You can also get an assortment of neoprene sleeves for these bottles to highlight your own sparkling personality.

Next comes the metal water bottle. The cheapest is probably the aluminum bottle. These are the kind of bottles that are often handed out for free as promotional material. Many people notice that these bottles oxidize, producing a whitish crud here and there. From what I gather, this crud is not good to drink. Therefore, the metal bottle of choice seems to be made of stainless steel. Metal bottles are extremely durable, keep water cool, and can last a lifetime. The problem is, I haven’t been able to conclusively find a stainless steel water bottle that is manufactured domestically. Finally, I found the Nalgene Stainless Steel Water Bottle. I had heard that all of Nalgene’s products are manufactured in the US, but I noticed that this particular product says “…by Guyot Designs.” Rumor has it that this is an overseas operation. I’ll try to contact Nalgene and see if I can get an update.

If we don’t have a domestic manufacturer, I would go with either Sigg or Klean Kanteen. By all accounts, they both make excellent water bottles in a variety of sizes. In my book, Sigg gets the edge for not using ridiculously unnecessary “k”s in their brand name.
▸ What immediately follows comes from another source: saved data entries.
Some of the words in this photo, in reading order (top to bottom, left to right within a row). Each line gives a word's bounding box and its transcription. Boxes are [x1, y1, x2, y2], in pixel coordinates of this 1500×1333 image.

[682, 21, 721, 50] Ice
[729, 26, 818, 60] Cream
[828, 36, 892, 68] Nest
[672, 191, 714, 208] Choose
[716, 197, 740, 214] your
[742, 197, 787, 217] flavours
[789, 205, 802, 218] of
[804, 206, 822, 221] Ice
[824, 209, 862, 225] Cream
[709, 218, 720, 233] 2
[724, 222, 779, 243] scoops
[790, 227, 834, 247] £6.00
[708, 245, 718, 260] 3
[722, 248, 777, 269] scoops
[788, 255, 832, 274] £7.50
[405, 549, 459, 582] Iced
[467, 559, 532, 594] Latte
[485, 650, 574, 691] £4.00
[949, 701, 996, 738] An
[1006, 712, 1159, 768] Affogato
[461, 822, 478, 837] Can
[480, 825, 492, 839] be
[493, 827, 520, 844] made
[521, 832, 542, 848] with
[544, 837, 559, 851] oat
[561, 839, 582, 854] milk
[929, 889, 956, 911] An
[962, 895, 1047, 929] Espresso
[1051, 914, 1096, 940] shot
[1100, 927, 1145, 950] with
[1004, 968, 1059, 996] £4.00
Finally, we talk about glass bottles. There are some obvious problems with glass bottles, namely weight and durability. We can’t do anything about weight, but some manufacturers have taken to selling their bottles with neoprene or silicone sleeves for improved grip and impact resistance. What people love about glass is that the water doesn’t have the metallic or plasticy taste that some folks find with other bottles.

Can also be used for storing magic potions...

For those who want to buy something manufactured domestically, you may be out of luck. Again, there doesn’t seem to be a perfect solution.  A popular choice is the Lifefactory bottle, with the the glass coming from France and the sleeve manufactured in the US. If your concern is environmental, there are two other new companies that you might want to look into. Love Bottle currently manufactures in China, but plans on moving their manufacturing to the States. Then there is bottlesUp, which does its glass manufacturing in Mexico (and tries to make the point that this produces a smaller carbon footprint than producing in China). It’s cap and protective rings are made in Maine.

Both of these glass bottle companies try to work the environmental angle, but if you are really concerned about the environment and are willing to use glass, just clean out an old Grolsch bottle or keep your eyes peeled for a cool old bottle and reuse that. Be creative.